Virtual machine 1132 may include a virtualized nic (vnic) that is used by the virtual machine as its network interface. A vNIC may be assigned a Media Access Control (MAC) address or other identifier, thus allowing multiple virtual machines 1132 to be individually addressable in a network.

VNF 1134 may include a software implementation of functional building blocks with defined interfaces and behaviors that may be deployed in a virtualization infrastructure. In particular embodiments, VNF 1134 may include one or more virtual machines 1132 that collectively provide particular functionality (e.g., WAN optimization, Virtual Private Network (VPN) termination, firewall operations, load balancing operations, security functions, etc.). VNF 1134 running on platform logic 1110 may provide the same functionality as a traditional network component implemented by dedicated hardware. For example, VNF 1134 may include components to perform any suitable Network Function Virtualization (NFV) workload, such as virtualized evolved packet core (vEPC) components, mobility management entities, 3 rd generation partnership project (3 GPP) control and data plane components, and so forth.

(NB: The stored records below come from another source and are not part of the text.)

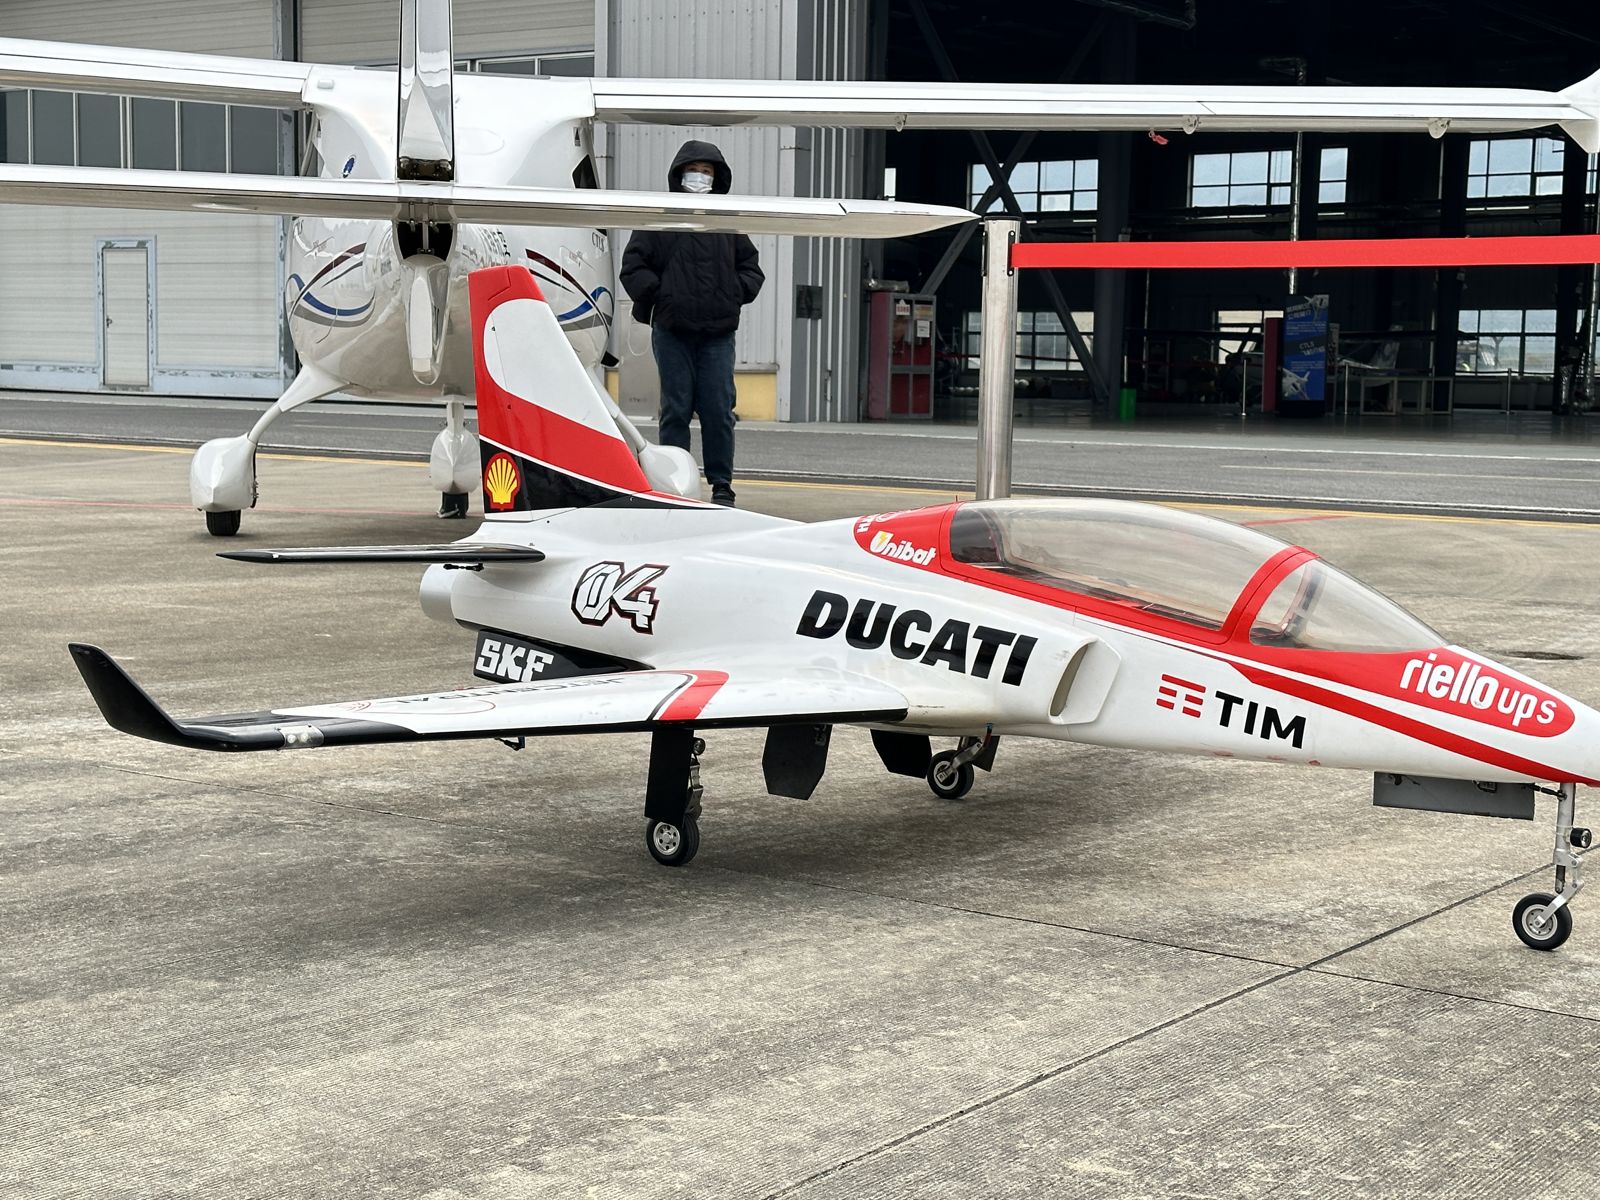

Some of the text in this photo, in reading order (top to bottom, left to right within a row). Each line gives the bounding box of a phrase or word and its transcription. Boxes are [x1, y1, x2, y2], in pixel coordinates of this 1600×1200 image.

[870, 530, 937, 566] Unibat
[571, 560, 670, 635] 04
[475, 638, 554, 682] SKF
[796, 589, 1039, 687] DUCATI
[1214, 690, 1307, 749] TIM
[1400, 653, 1558, 726] riello ups

SFCs 1136 are groups of VNFs 1134 that are organized as a chain to perform a series of operations, such as network packet processing operations. Service function links may provide the ability to define an ordered list of network services (e.g., firewalls, load balancers) that are stitched together in a network to create a service chain.

Hypervisor 1120 (also referred to as a virtual machine monitor) may include logic to create and run guest systems 1122. Hypervisor 1120 may present guest operating systems run by virtual machines with virtual operating platforms (i.e., it shows to the virtual machines that they run on separate physical nodes when they are actually merged onto a single hardware platform) and manage the execution of the guest operating systems through platform logic 1110. The services of hypervisor 1120 may be provided through virtualization in software or through hardware-assisted resources that require minimal software intervention, or both. Multiple instances of various guest operating systems may be managed by hypervisor 1120. Each platform 1102 may have a separate instance of a hypervisor 1120.

Hypervisor 1120 may be a native or bare-metal hypervisor that runs directly on platform logic 1110 to control the platform logic and manage the guest operating systems. Alternatively, hypervisor 1120 may be a hosted hypervisor running on a host operating system and abstracting the guest operating system from the host operating system. Hypervisor 1120 may include a virtual switch 1138, which may provide virtual switching and/or routing functionality to virtual machines of guest system 1122. Virtual switch 1138 can include a logical switching fabric that couples the vnics of virtual machines 1132 to one another, thus creating a virtual network over which the virtual machines can communicate with one another.

Virtual switch 1138 may include software elements that are executed using components of platform logic 1110. In various embodiments, hypervisor 1120 may communicate with any suitable entity (e.g., an SDN controller), which may cause hypervisor 1120 to reconfigure parameters of virtual switch 1138 in response to changing conditions in platform 1102 (e.g., addition or deletion of virtual machines 1132 or identification of optimizations that may be made to enhance performance of the platform).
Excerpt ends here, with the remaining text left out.